● **What the task requires**
The result should be a word-for-word retyping of the entries below, free of pictures.

● **Available data**
• • • •

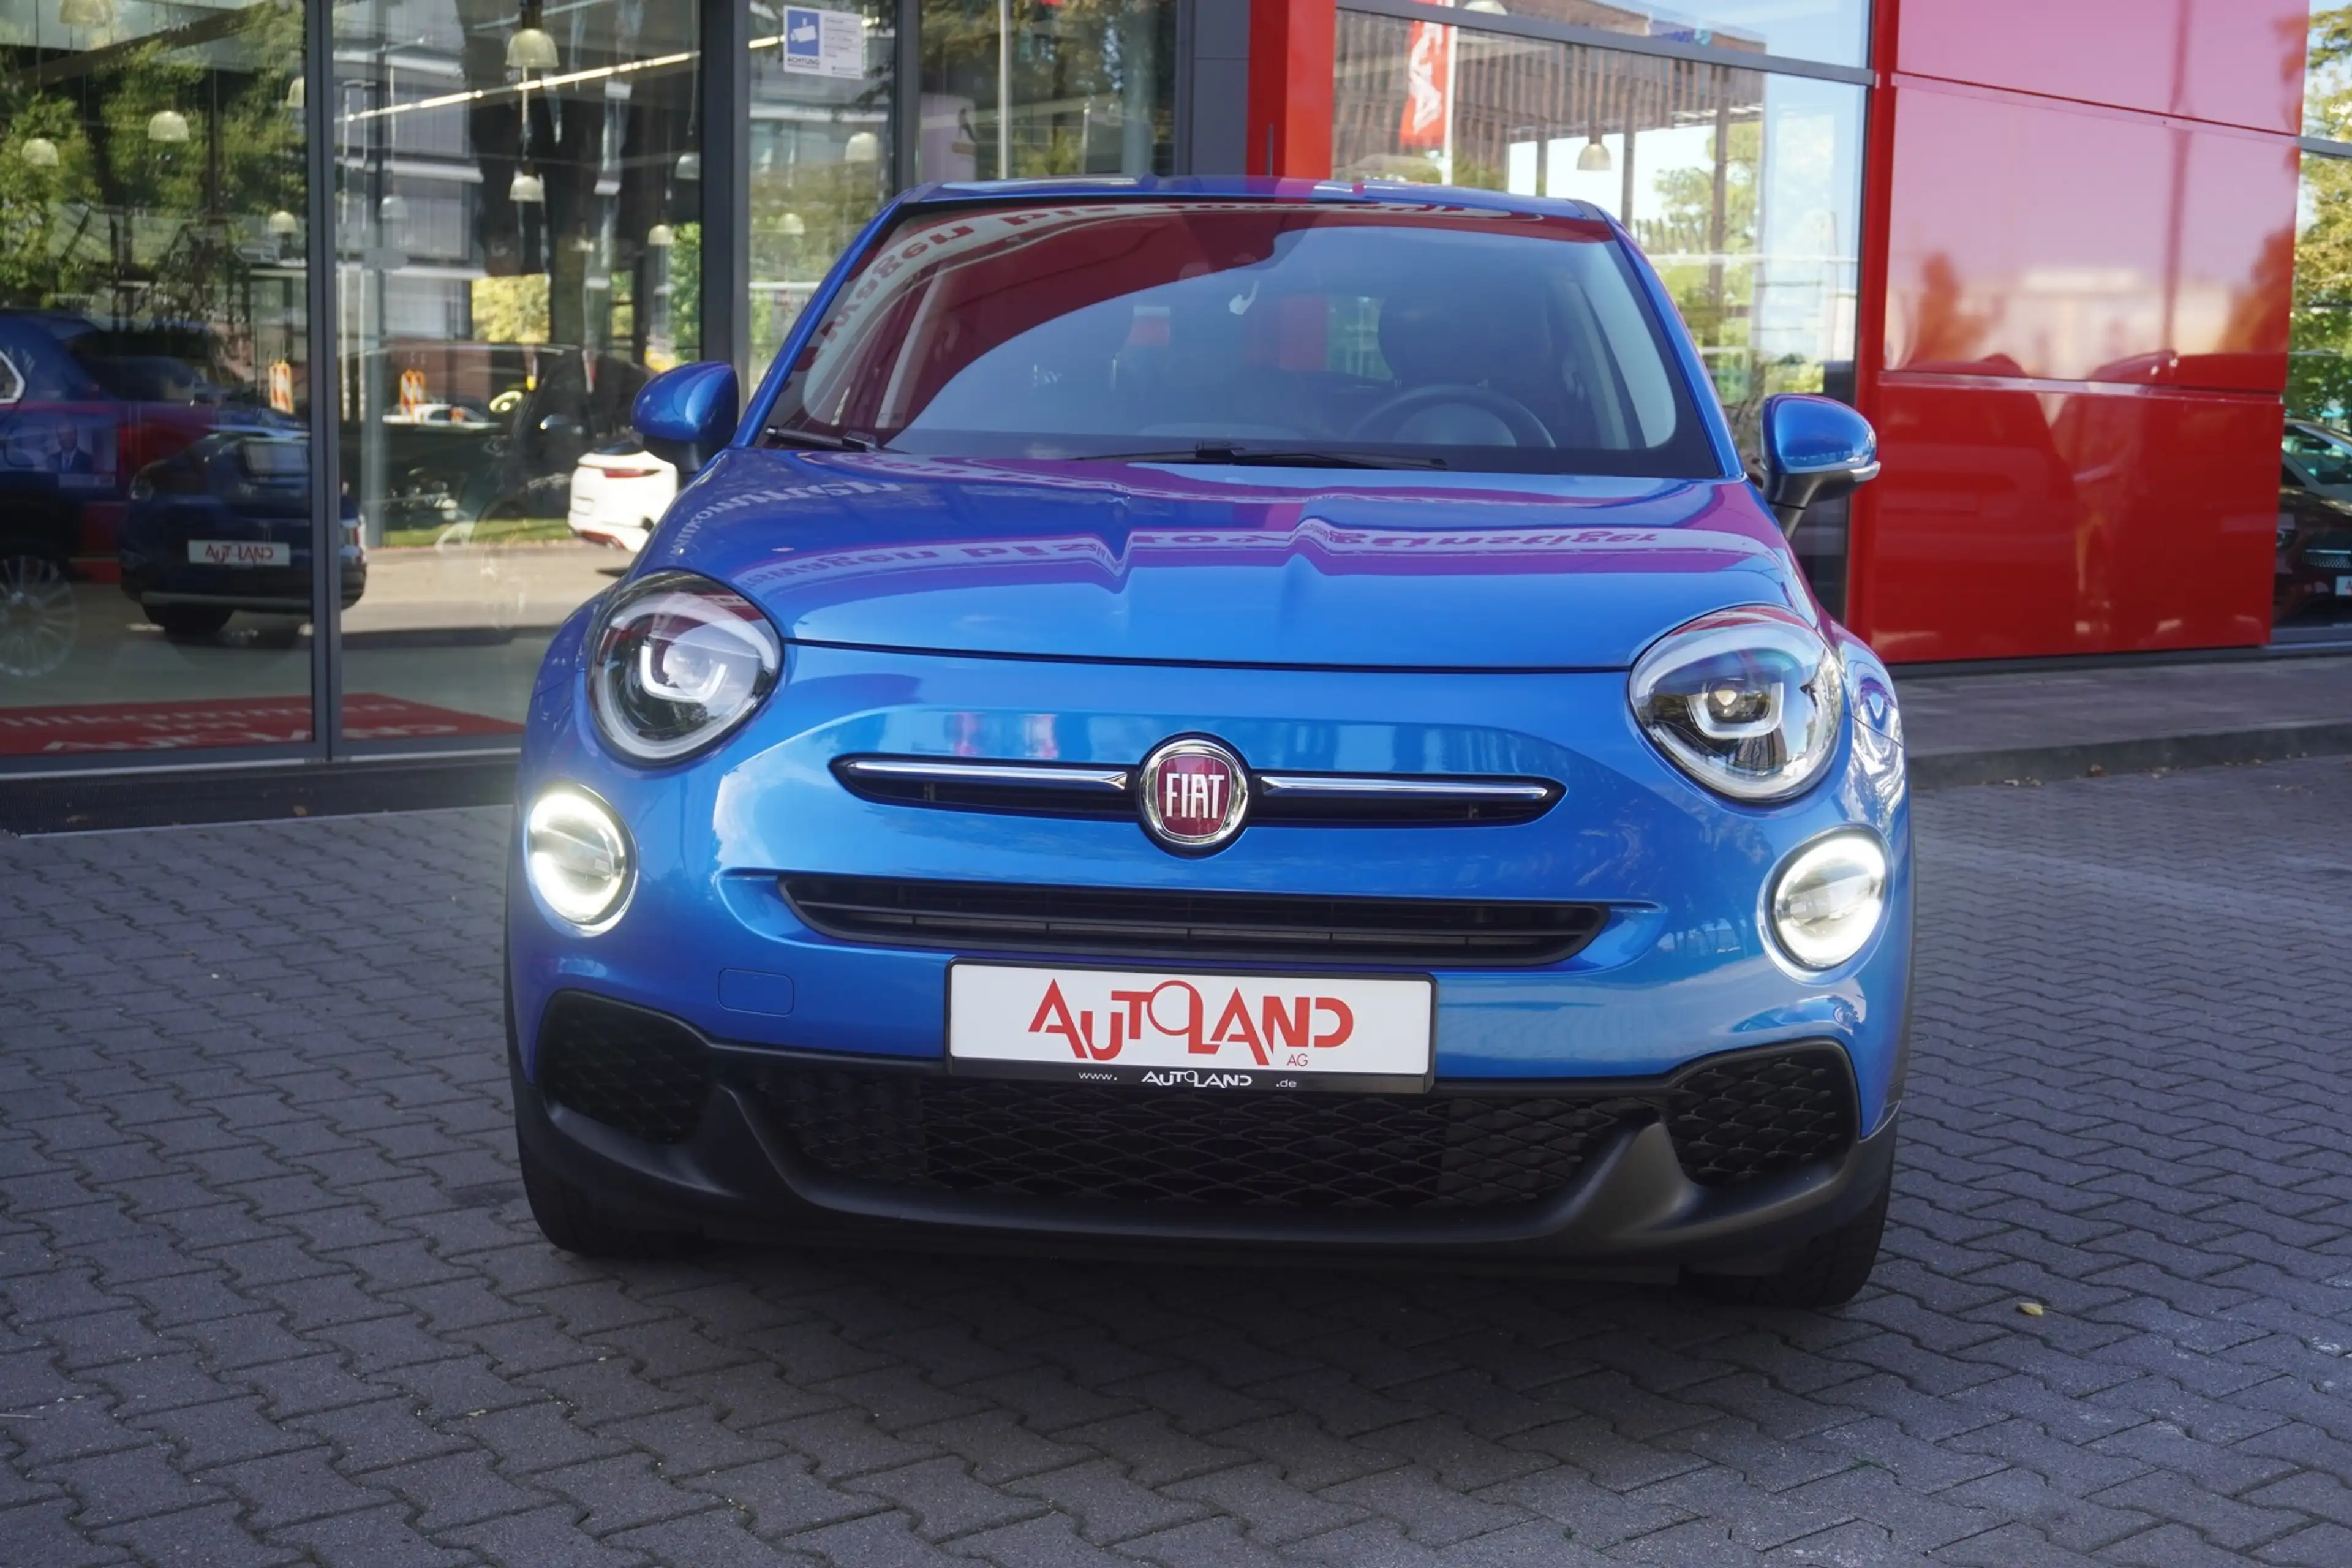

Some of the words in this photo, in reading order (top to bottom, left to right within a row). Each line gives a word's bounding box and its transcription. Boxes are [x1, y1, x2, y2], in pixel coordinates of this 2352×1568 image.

[1166, 772, 1224, 819] FIAT
[1028, 978, 1354, 1066] AUTOLAND
[1287, 1054, 1308, 1067] AG
[1078, 1072, 1117, 1082] www.
[1141, 1070, 1252, 1088] AUTOLAND
[1275, 1078, 1297, 1088] .de
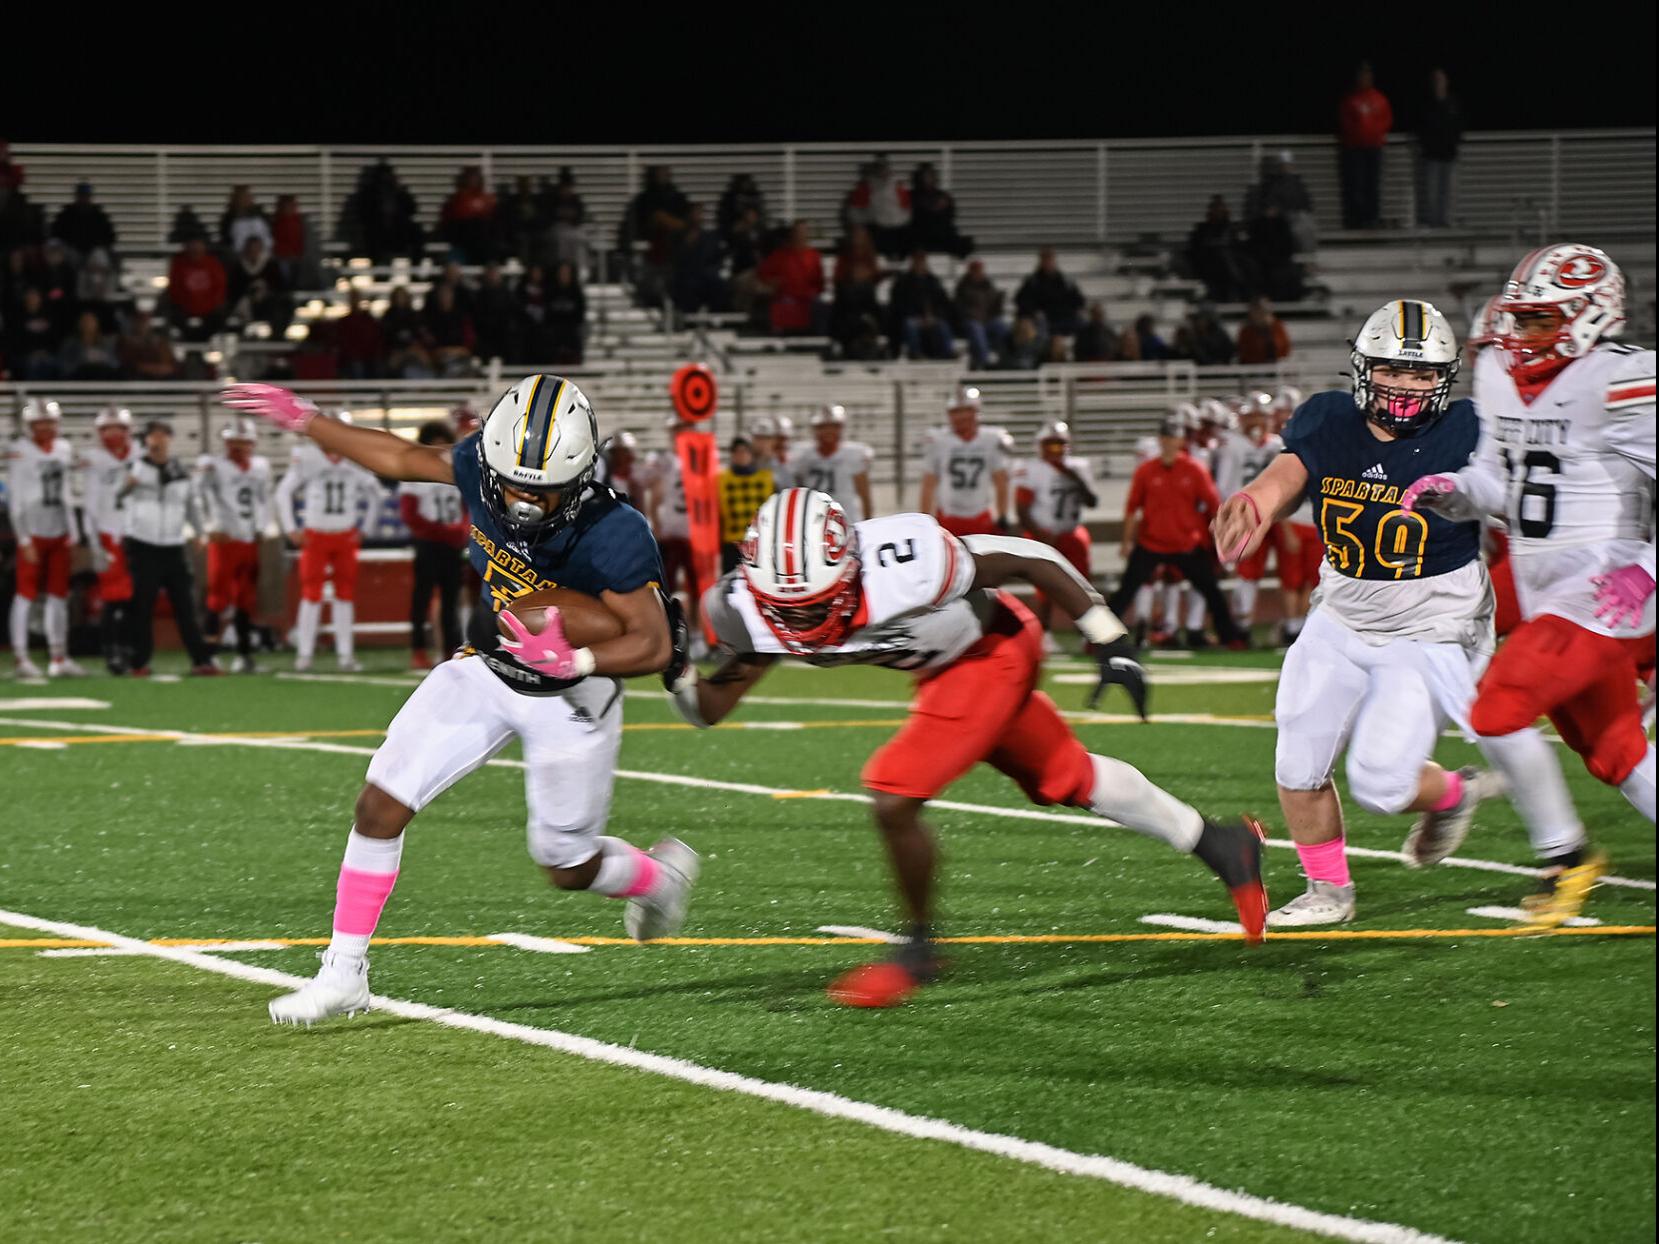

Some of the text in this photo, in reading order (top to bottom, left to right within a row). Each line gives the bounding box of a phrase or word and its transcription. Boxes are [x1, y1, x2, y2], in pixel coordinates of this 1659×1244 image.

[949, 457, 985, 489] 57
[1362, 471, 1388, 480] adidas
[238, 487, 254, 518] 9
[325, 481, 345, 513] 11
[877, 538, 916, 568] 2
[1321, 498, 1428, 579] 59
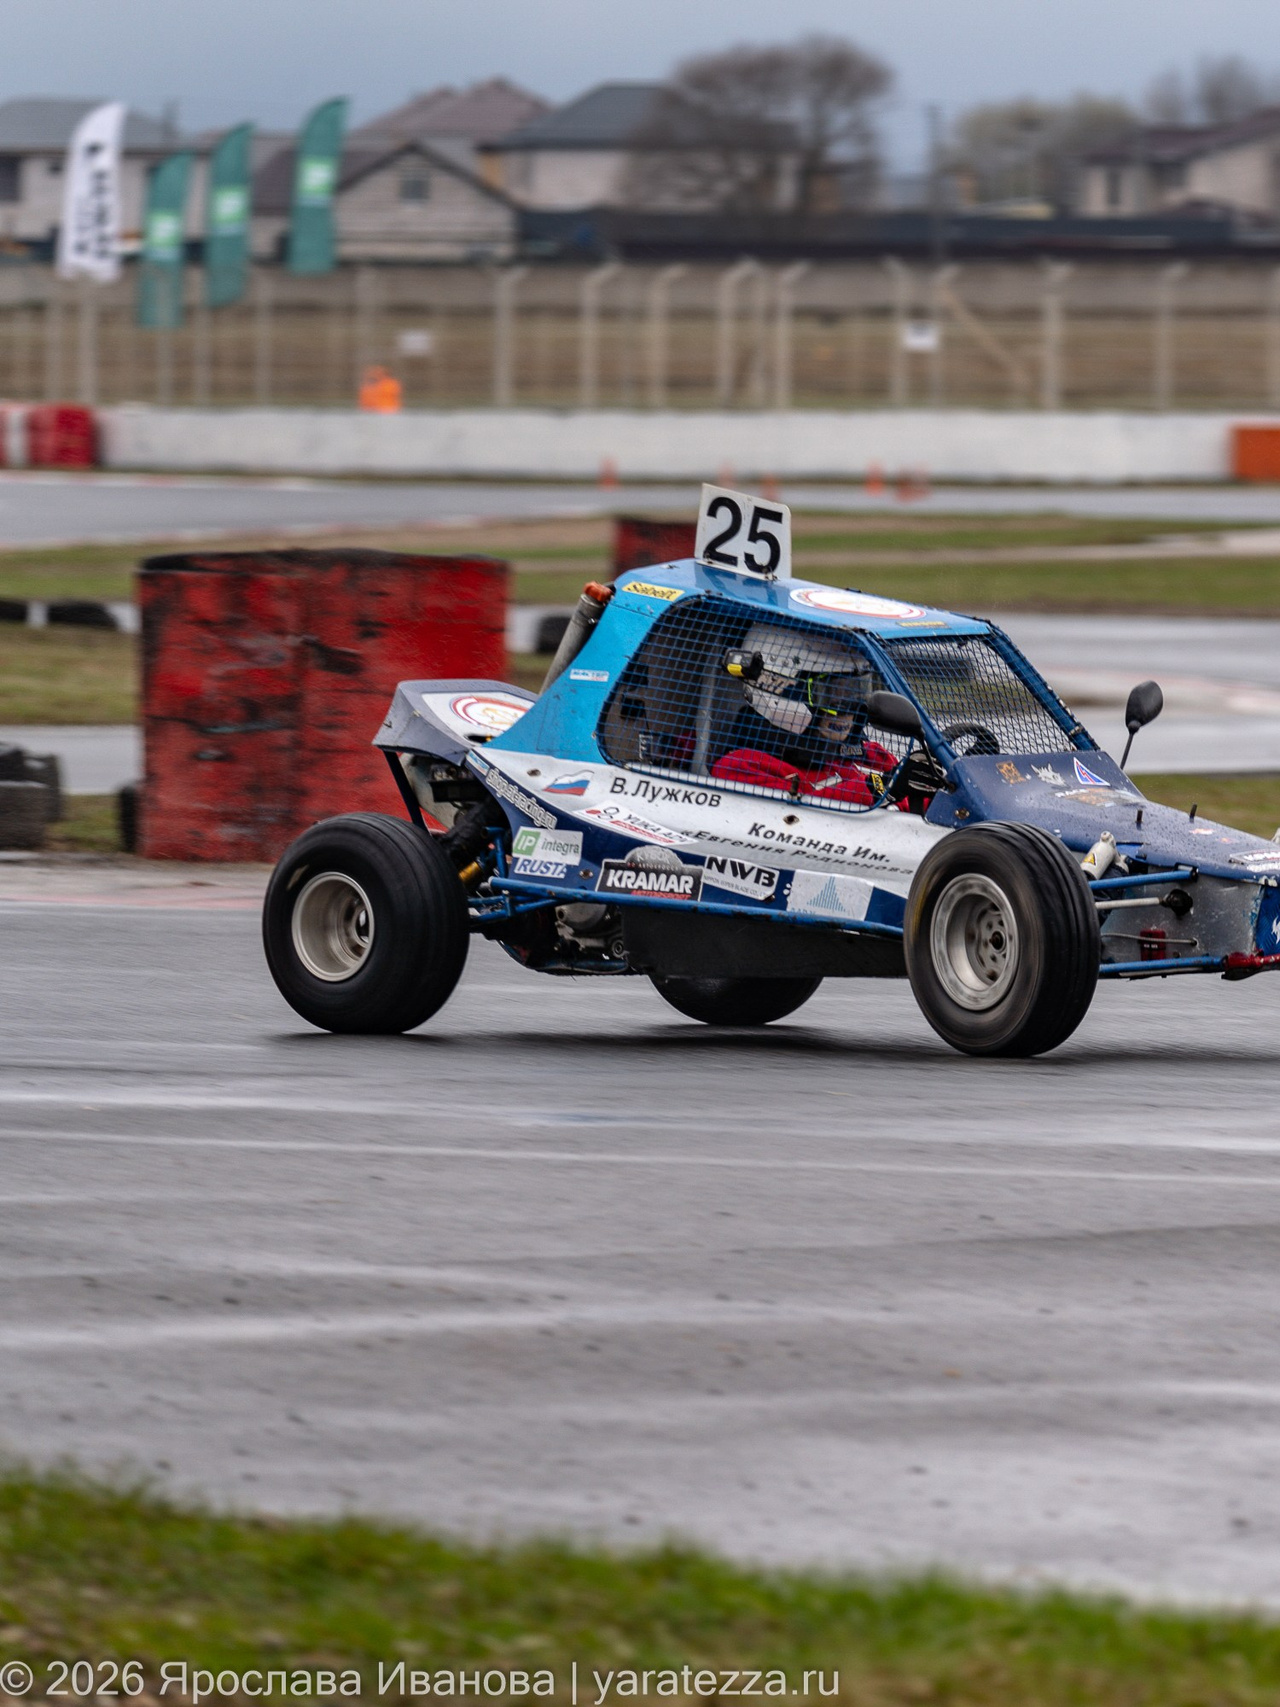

• • • •

● **Solution**
Some of the words in this photo, in reading order (top to bottom, left to right within a row). Each line gives a word's bounding box and its transcription. Boxes are [x1, y1, x2, y2], in pixel coordinates of this 2352×1568 image.

[1166, 772, 1224, 819] FIAT
[1028, 978, 1354, 1066] AUTOLAND
[1287, 1054, 1308, 1067] AG
[1078, 1072, 1117, 1082] www.
[1141, 1070, 1252, 1088] AUTOLAND
[1275, 1078, 1297, 1088] .de

Some of the text in this photo, in reading order (top to bottom, left to right within a row). Each line gives the bounding box of a phrase or word and its transcription. Boxes are [x1, y1, x2, y2], in pixel coordinates of this 1659×1244 image.

[949, 457, 985, 489] 57
[1362, 471, 1388, 480] adidas
[238, 487, 254, 518] 9
[325, 481, 345, 513] 11
[877, 538, 916, 568] 2
[1321, 498, 1428, 579] 59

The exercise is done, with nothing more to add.